2. Determine the hydrolysis products of carbohydrate, fat and protein digestion.
Carbohydrates are essential components for the nutrition for the body because it
is the prime source of energy for one's day-to-day activities as well as ensuring the
functionality of the body systems. Carbohydrates can either be simple, such as the
ones obtained from consumption of food such as fruits and starch sources, or complex,
which can be obtained from food such as unrefined pasta and whole grains.
Regardless of the source, carbohydrates undergo a unique process of digestion within
the body, which starts at the mouth through the saliva.
When food is consumed, the enzymes that are present in the saliva, known as
salivary amylase, go to work on the food and break down the carbohydrates present.
These are broken down into much simpler sugars (disaccharides and trisaccharides)
which then travel through the stomach when swallowed. Progressing through, the
partially broken down food then ends up in the stomach where they are broken down
into more "manageable" proportions by the hydrochloric acid present in the system.
The food then passes through into the small intestine where the key stages of
carbohydrate digestion can be found. The bulk of the breakdown occurs in the small
intestine, where pancreatic amylase breaks down any of the long carbohydrate chains
into much simpler forms of sugar. Augmenting this effect is also the presence of other
carbohydrate interacting enzymes such as maltase, which aids in the complete
breakdown of the carbohydrates into either glucose or fructose. These two sugars are
of prime importance in this step because they are absorbed into the bloodstream and
are ultimately sent to various parts of the body such as muscles, organs and tissues
where they are used in the body's metabolic processes.

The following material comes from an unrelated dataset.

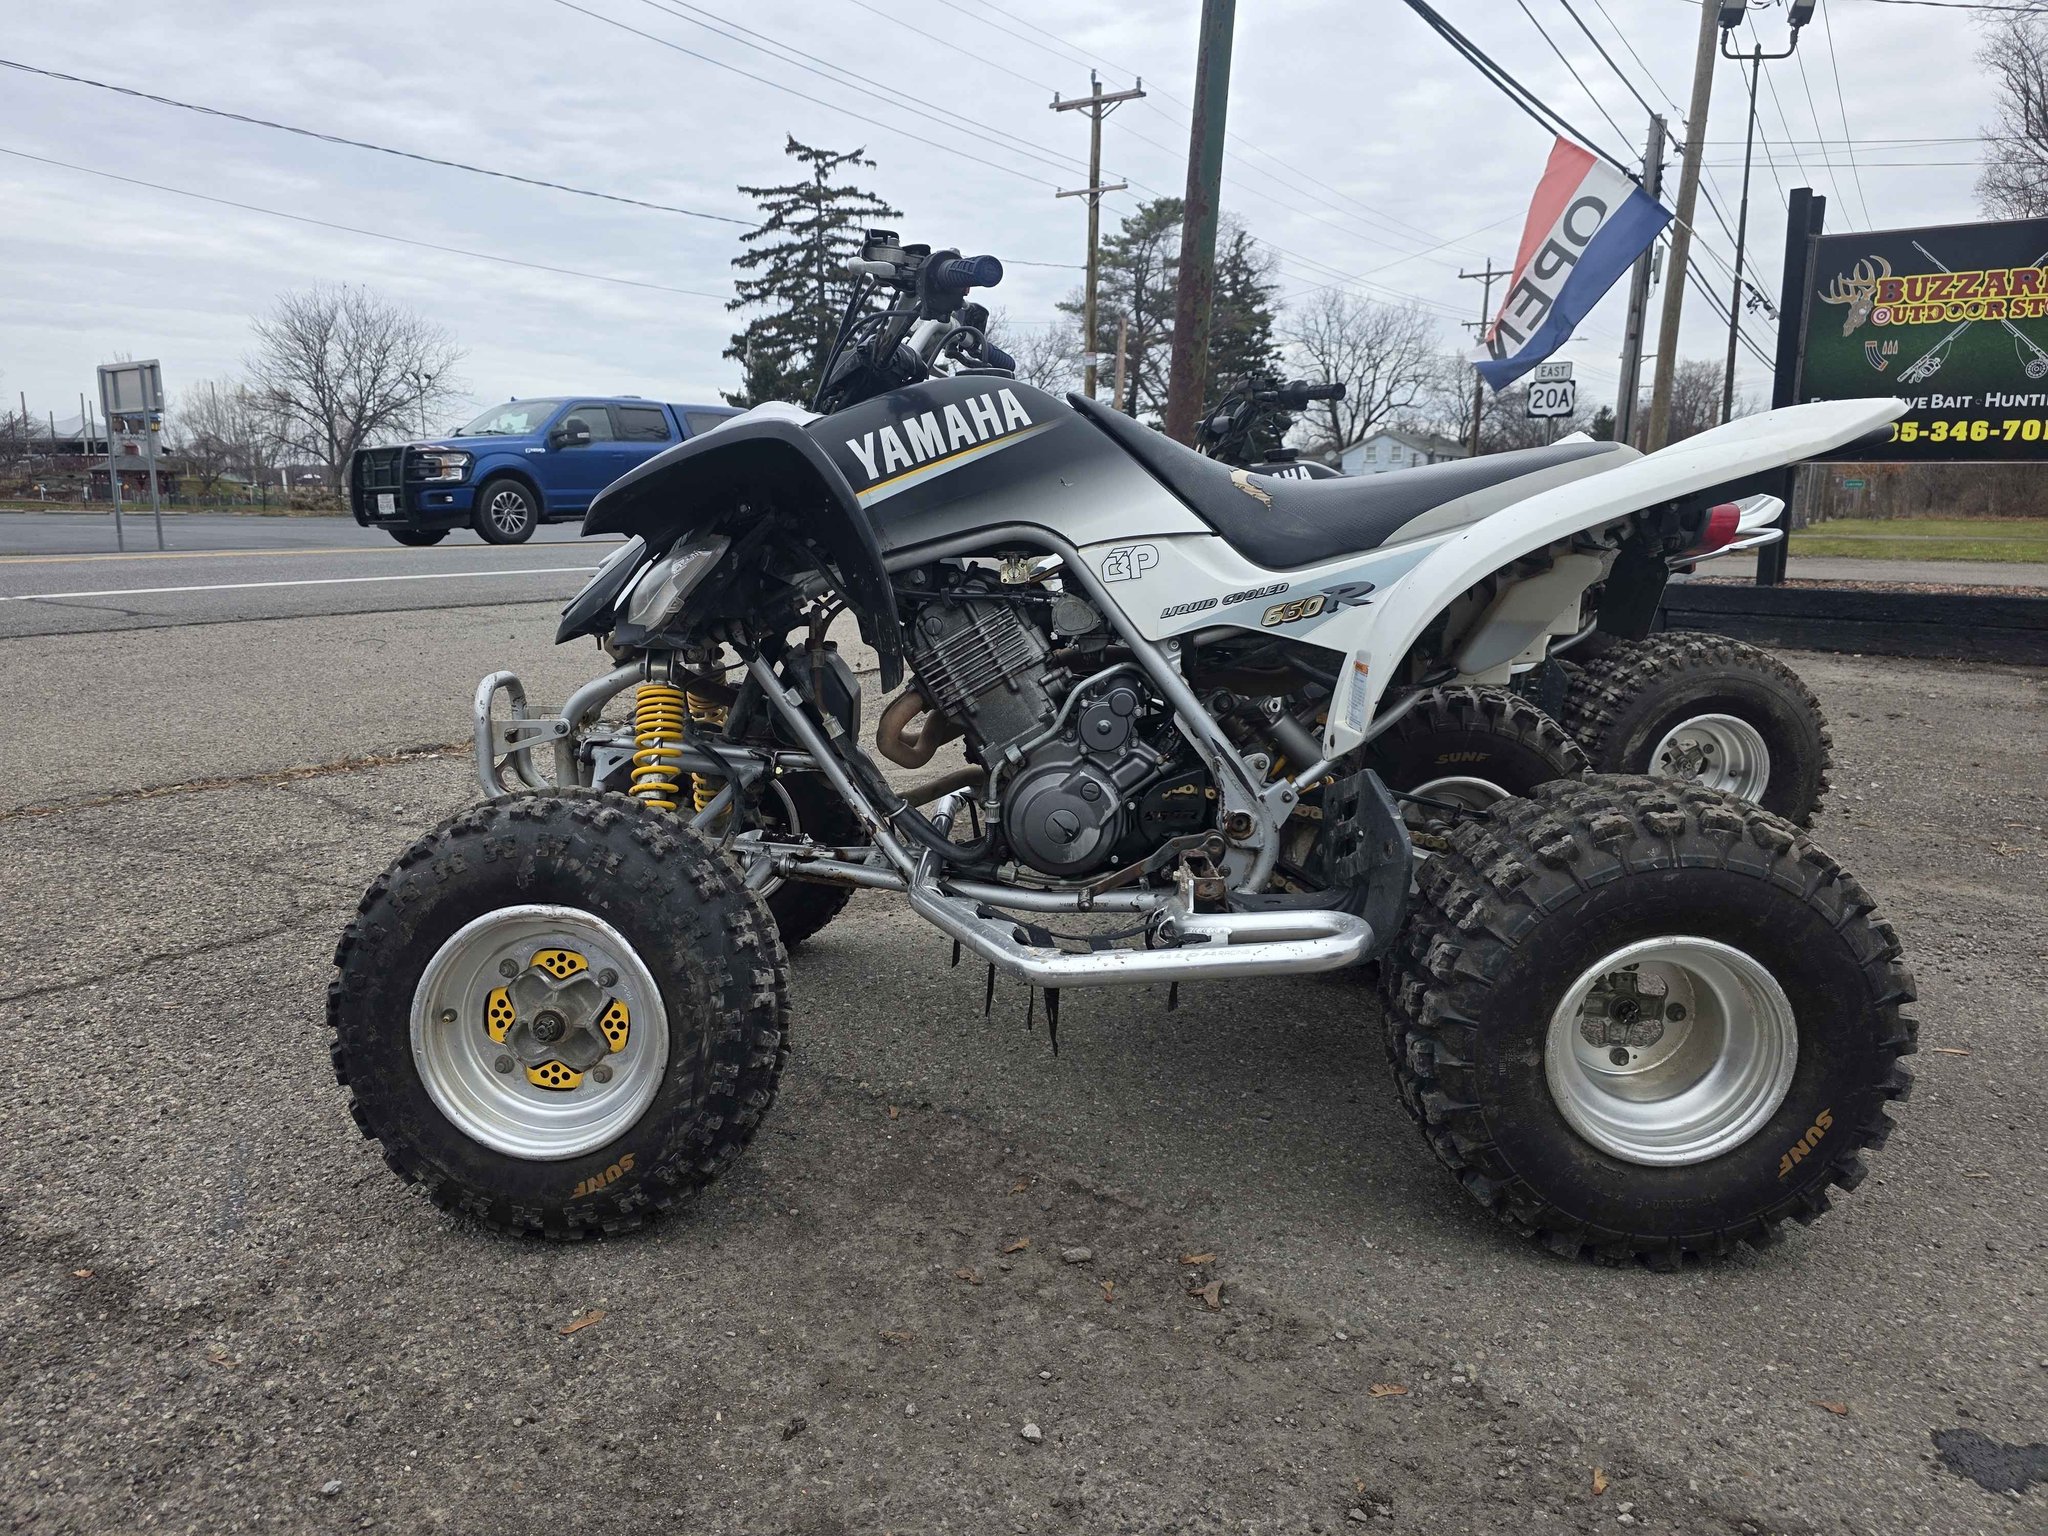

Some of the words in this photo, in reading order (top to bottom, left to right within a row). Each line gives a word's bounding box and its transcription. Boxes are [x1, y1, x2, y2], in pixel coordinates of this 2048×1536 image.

The hydrolysis or "digestion" of carbohydrates was observed in the laboratory
through measuring the amount of time it took for a particular amount of saliva to
partially hydrolyze a solution of starch, which was tested through with the use of
iodine. Based on the results from the experiment, there is no noticeable change in the
results. All of the sample remained dark blue-black for the whole session because
there are no enzymes to hydrolyze them into their smaller components. A further test
was performed to support this by performing the Benedict's test on both the samples.
The sample should produce a reddish-orange precipitate, which is an indication of the
presence of reducing sugars which in this case would be either glucose or maltose.
But, both of the samples, the starch solution and saliva mixture give a negative result
because starch is a long polysaccharide and is not a reducing sugar.
B. DIGESTION OF TRIACYLGLYCYEROLS
MIXTURE OBSERVATIONS
Oil and Water Formation of 2 layers
Oil, Water and Bile Salts 4 layers was formed
Fats have a variety of uses in the human body and are important substances in
living organisms. It can act as an alternative source of energy when there is a scarcity
of carbohydrates, and this energy can be used in the different bodily functions. They
also ensure the proper functioning of the nerves, where myelin is a fatty material that
wraps around the nerve cells and facilitates neural transmission. Moreover, fats are
transport carriers for the fat-soluble vitamins A, D, E and K and can carry them to the
parts of the body that need them through the bloodstream. The digestion of fat follows
the same pattern as carbohydrates save for a few differences.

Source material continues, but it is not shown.